What the task requires
Drop the pictures from the entries below, then reproduce the rest exactly.

# # # # # # #

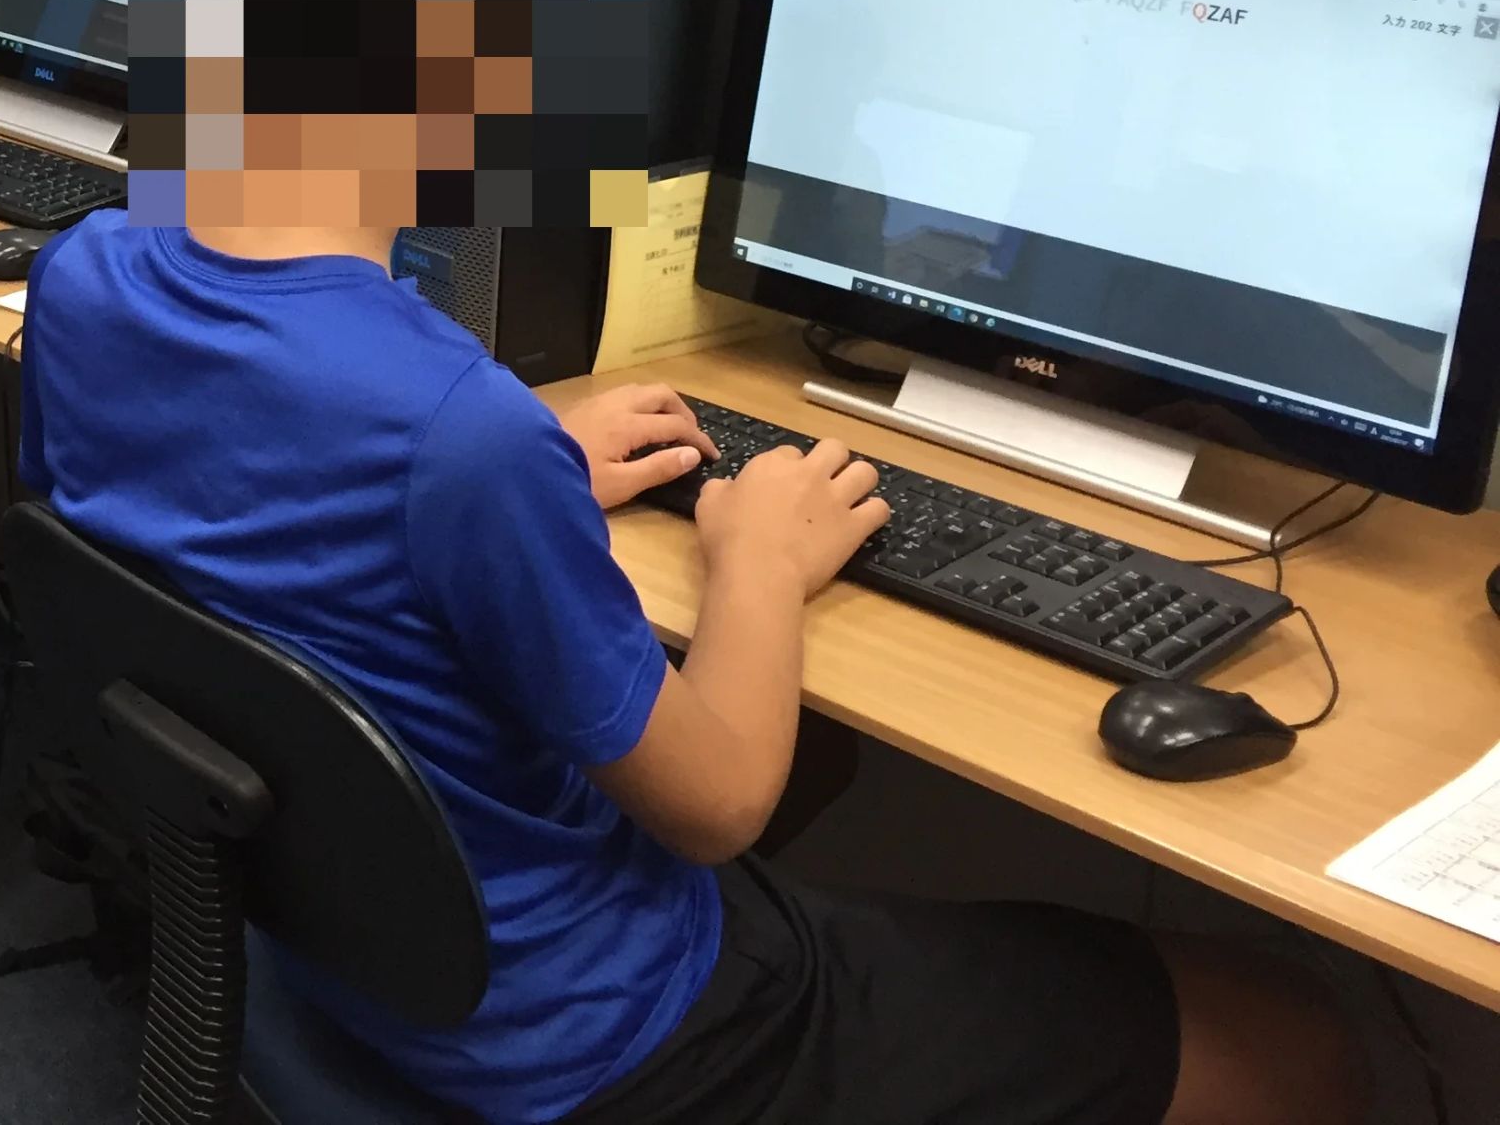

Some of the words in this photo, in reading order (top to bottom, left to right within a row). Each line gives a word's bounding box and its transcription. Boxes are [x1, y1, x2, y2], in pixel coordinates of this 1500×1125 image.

[1180, 0, 1249, 25] FQZAF
[1382, 13, 1407, 29] 入力
[1410, 19, 1434, 32] 202
[1436, 22, 1462, 37] 文字
[1014, 355, 1059, 379] DELL
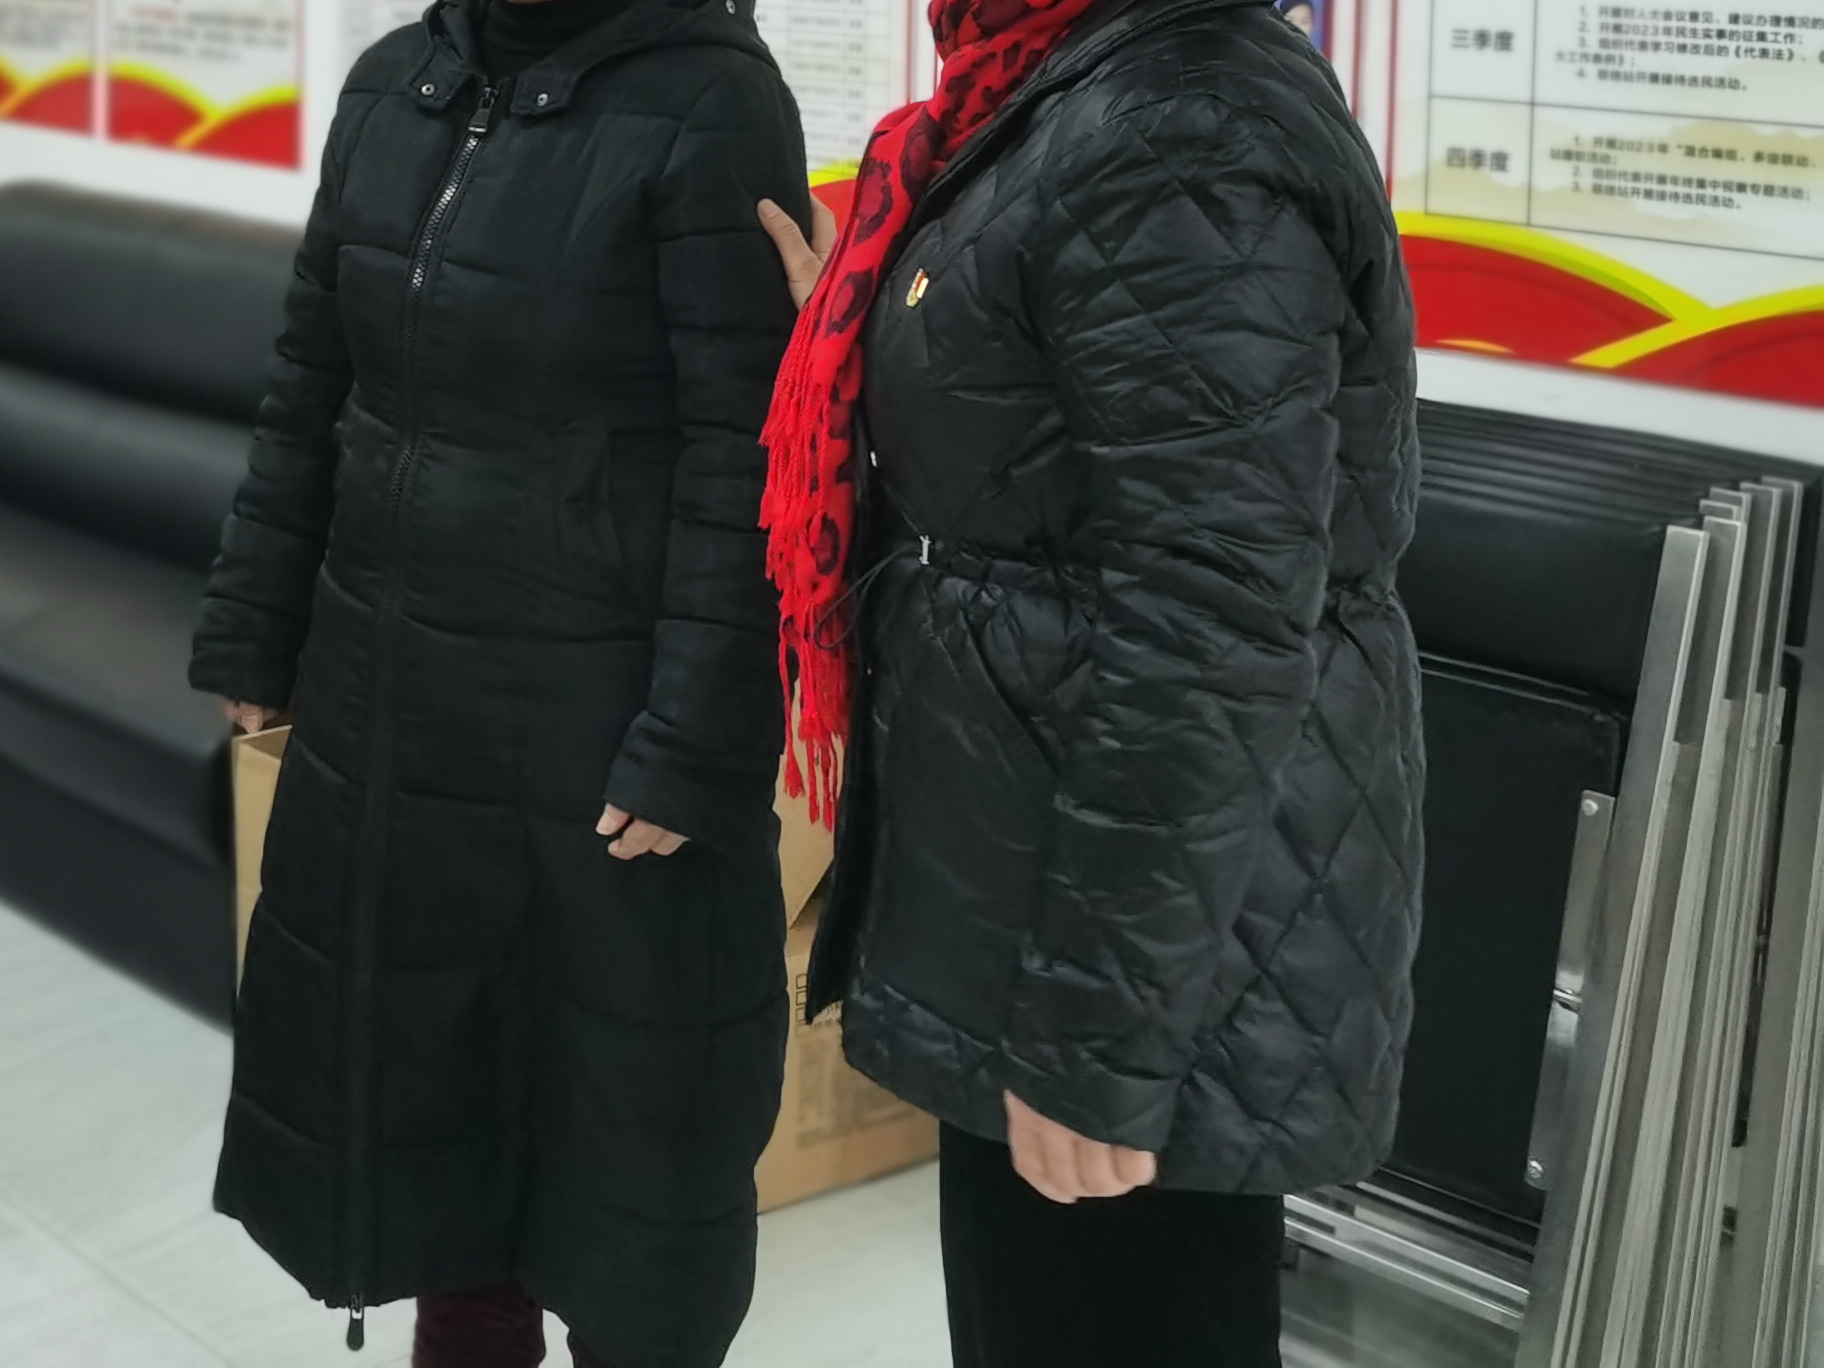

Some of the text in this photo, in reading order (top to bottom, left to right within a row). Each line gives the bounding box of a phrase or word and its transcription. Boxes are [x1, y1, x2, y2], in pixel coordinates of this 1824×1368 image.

[1450, 28, 1515, 53] 三季度
[1445, 146, 1511, 174] 四季度

# # # # # # #

Result of the task
Some of the words in this photo, in reading order (top to bottom, left to right within a row). Each line gives a word's bounding box and its transcription. Boxes are [x1, y1, x2, y2], in pixel coordinates of this 1500×1125 image.

[1180, 0, 1249, 25] FQZAF
[1382, 13, 1407, 29] 入力
[1410, 19, 1434, 32] 202
[1436, 22, 1462, 37] 文字
[1014, 355, 1059, 379] DELL

Some of the text in this photo, in reading order (top to bottom, left to right within a row). Each line gives the bounding box of a phrase or word and its transcription. Boxes are [x1, y1, x2, y2], in pixel coordinates of this 1824×1368 image.

[1450, 28, 1515, 53] 三季度
[1445, 146, 1511, 174] 四季度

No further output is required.